Liquid ultrasonic flowmeters are gaining acceptance in the petroleum industry for a wide range of applications. Initially they were used for non-custody scenarios, but with advances in microprocessors, transducers and electronic technology, multipath ultrasonic flowmeters are now being used to provide highly accurate custody-transfer flow measurement. As such, ultrasonic flow measurement technology has been recognized in many European countries, and API Standard 5.8, Measurement of Liquid Hydrocarbons by Ultrasonic Flow Meters Using Transit Time Technology, recognizes such technology in North America.

High accuracy and low maintenance are the key advantages of ultrasonic flowmeters. But these meters, like turbine-based devices, arrive at a measurement by inference, i.e., they infer the volumetric throughput by measuring the velocity over the flow area. As with all velocity meters, ultrasonic flowmeters are Reynolds Number dependent, which is to say they are more or less affected by the relationship between velocity and viscosity. They may also be affected by entrained solids, water, gas, and wax. All of these characteristics can influence both the short-term accuracy and long-term stability of an ultrasonic meter.

Ultrasonic Flowmeters for Crude Oil
Crude oil measurement, unlike refined products, defines a wide range of applications from light condensates with a viscosity of less than 0.5 cP to heavy crude oils over 2,000 cP. The level of contaminants present in crude oil applications also varies widely.

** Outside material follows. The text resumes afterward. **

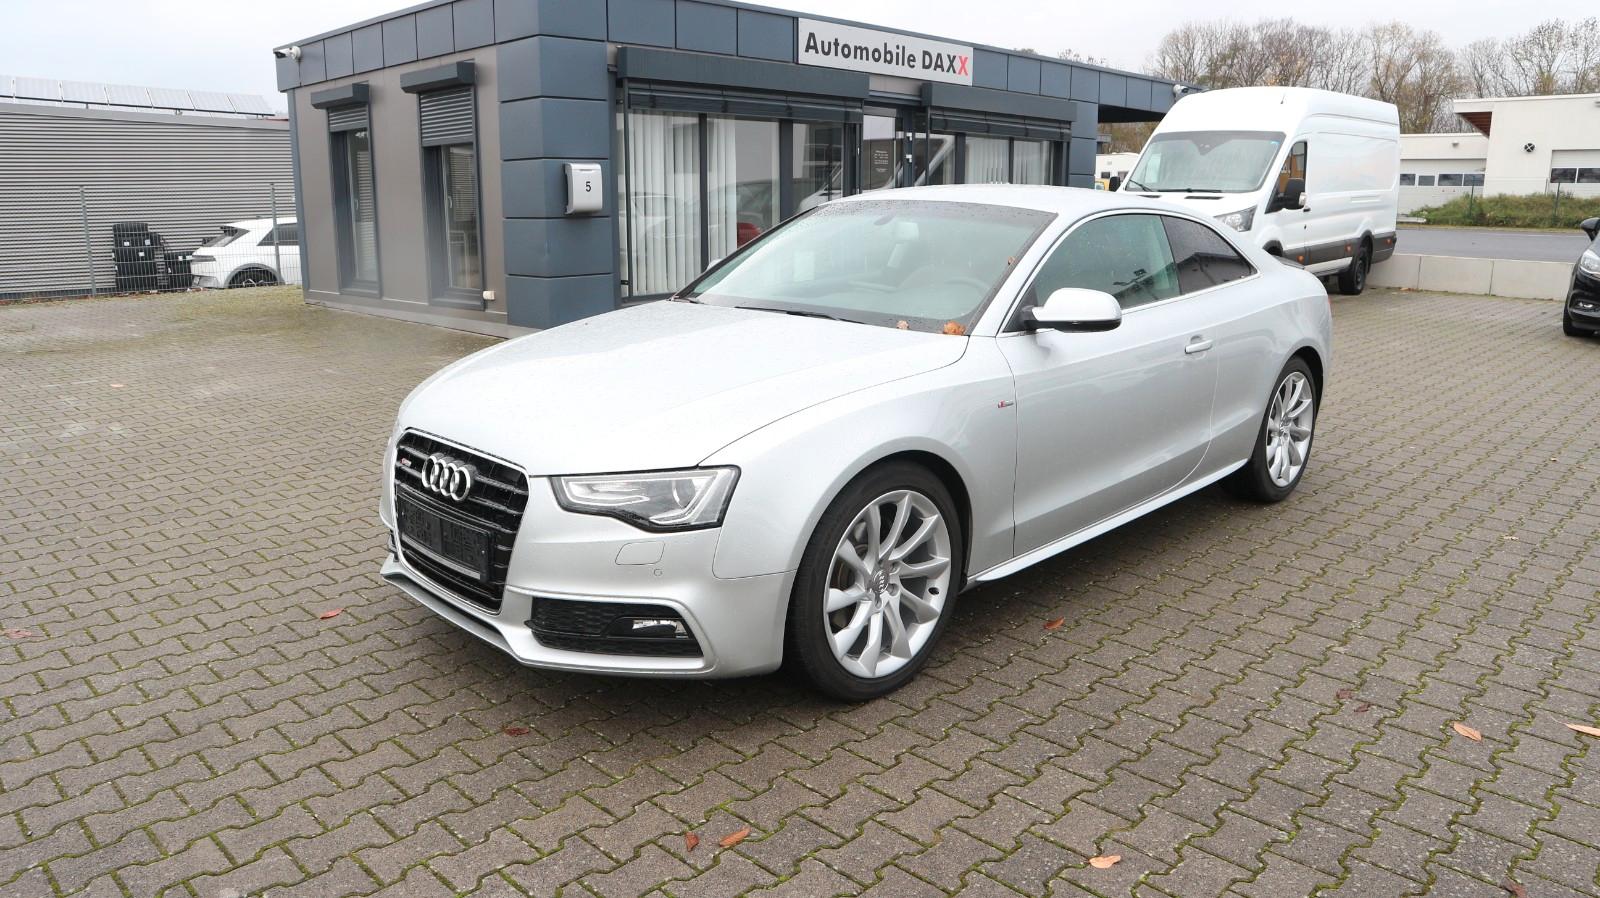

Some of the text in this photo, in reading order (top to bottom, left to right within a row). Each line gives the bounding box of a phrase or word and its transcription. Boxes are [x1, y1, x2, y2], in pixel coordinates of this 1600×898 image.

[804, 32, 969, 76] Automobile DAXX
[585, 181, 592, 193] 5
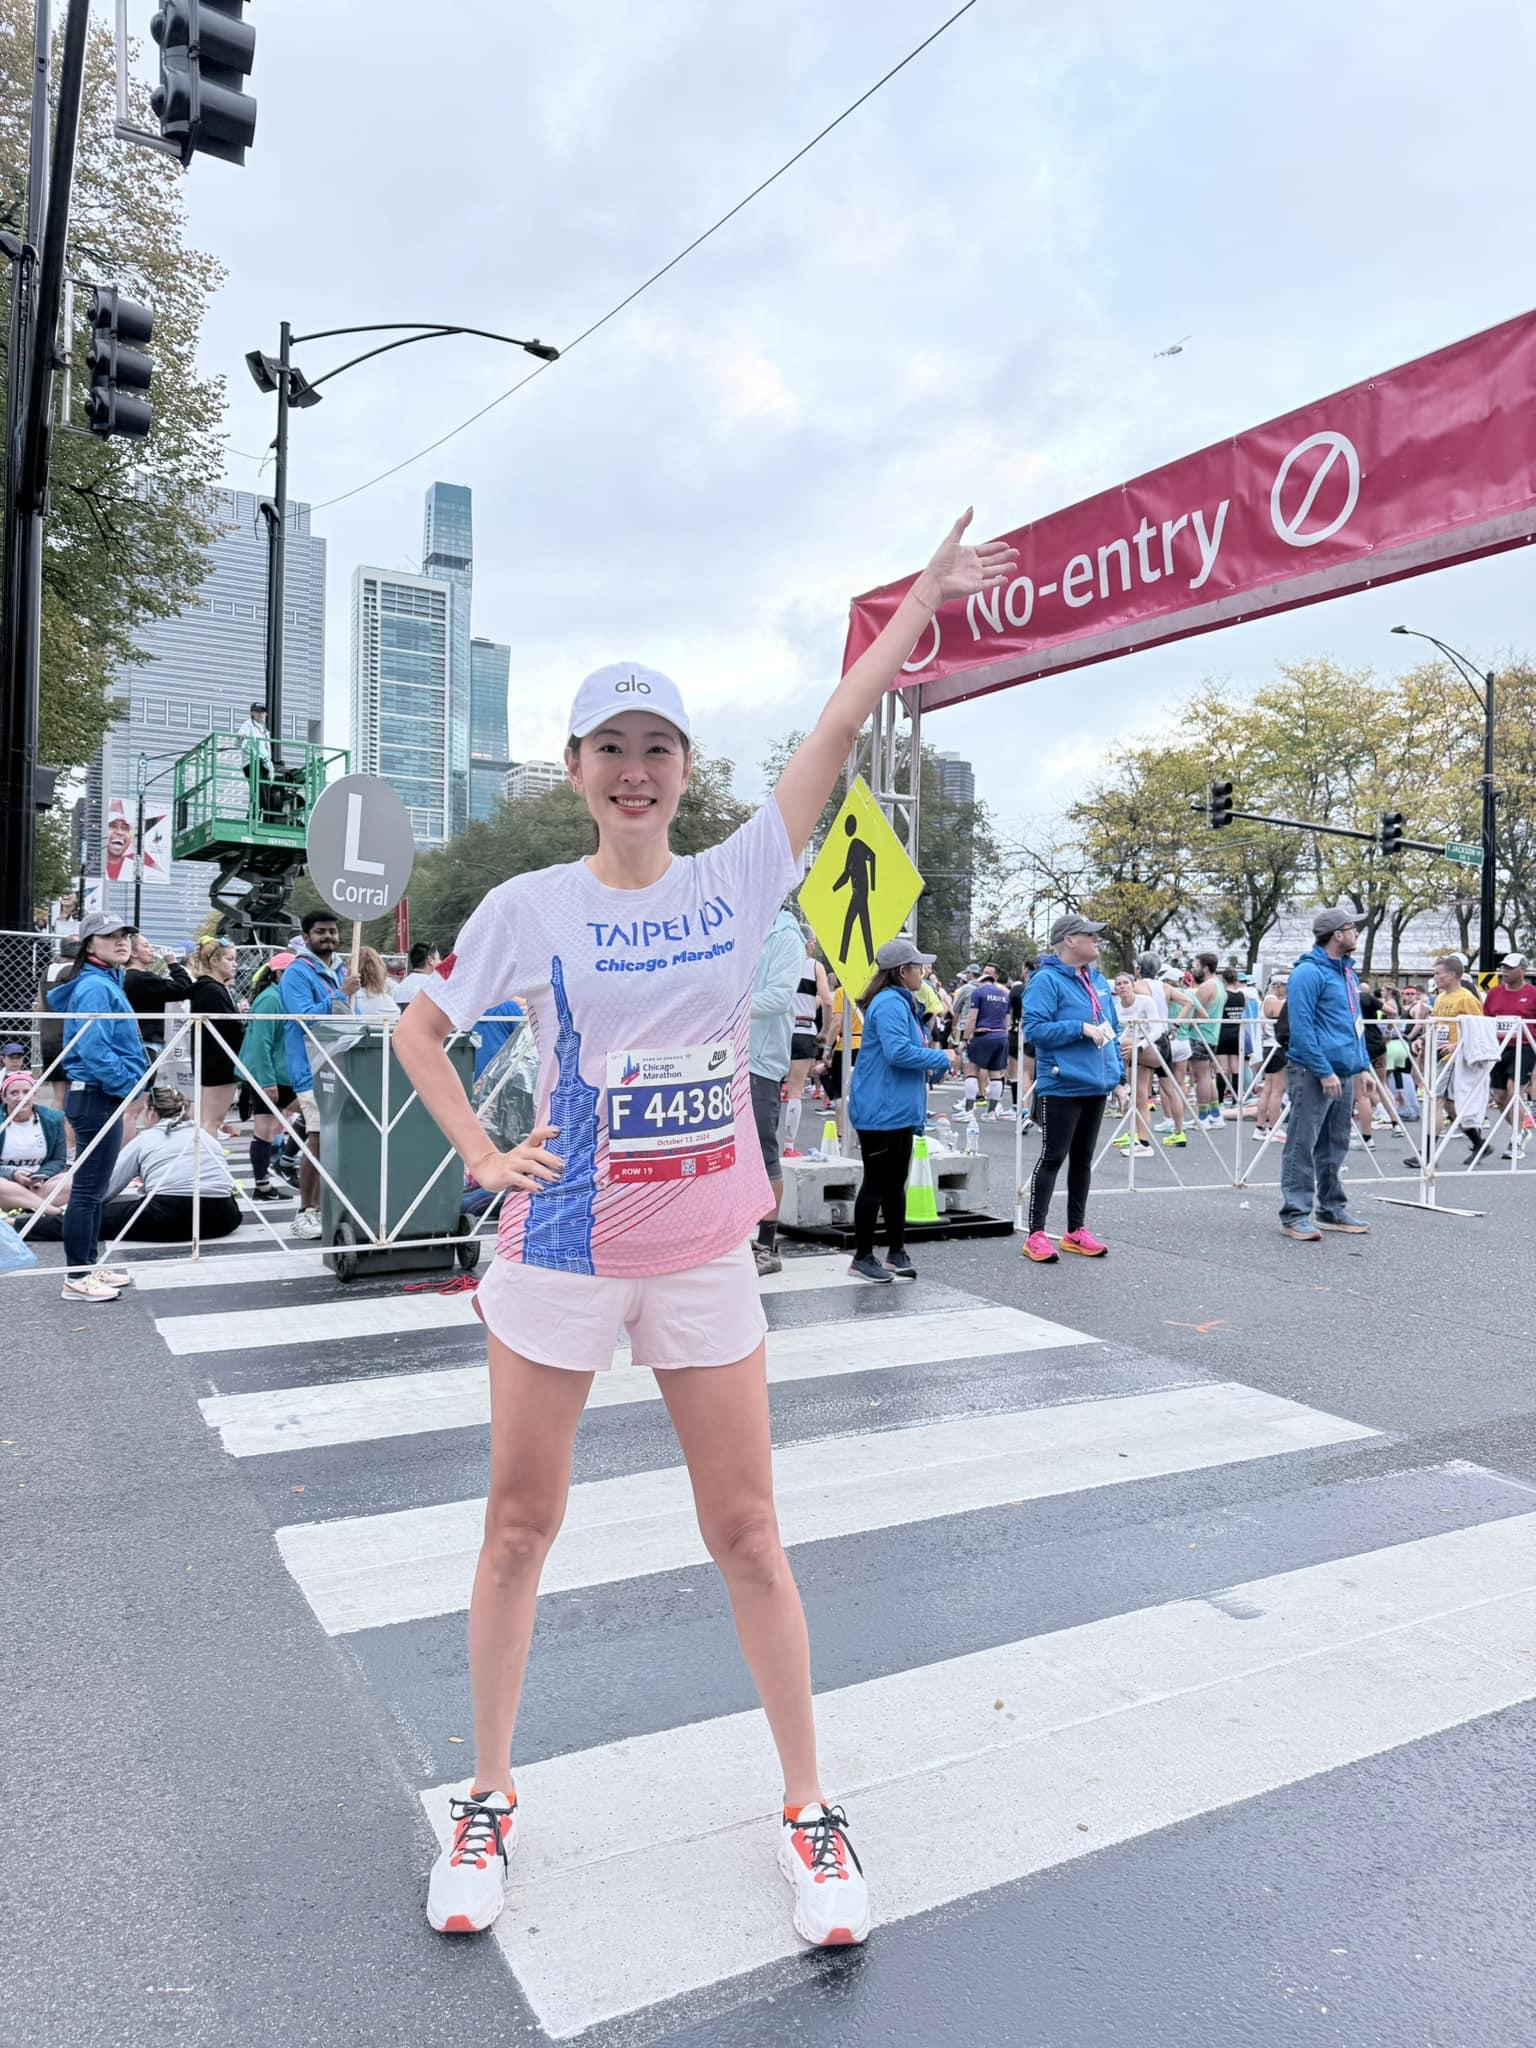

Viscosity can be expressed in many different units, but for the purposes of this article, kinematic viscosity, which is expressed in centistokes (cSt), is most suitable. The other commonly used viscosity units in the petroleum industry are dynamic viscosity, centipoise (cP) — which can be converted to centistokes by dividing by the specific gravity, (cSt = cP / SG) — and Saybolt Seconds Universal (SSU) viscosity — which can be changed to centistokes with a conversion chart.

Crude oils are normally defined by their API gravity, which is sometimes confused with the product’s viscosity. API gravity is defined as the density of crude oil at a specific temperature compared to the density of water at a standard temperature of 60 F. The relationship between specific gravity (SG) and API gravity is:

SG (60 F/60 F) = 141.5 / (131.5 + API)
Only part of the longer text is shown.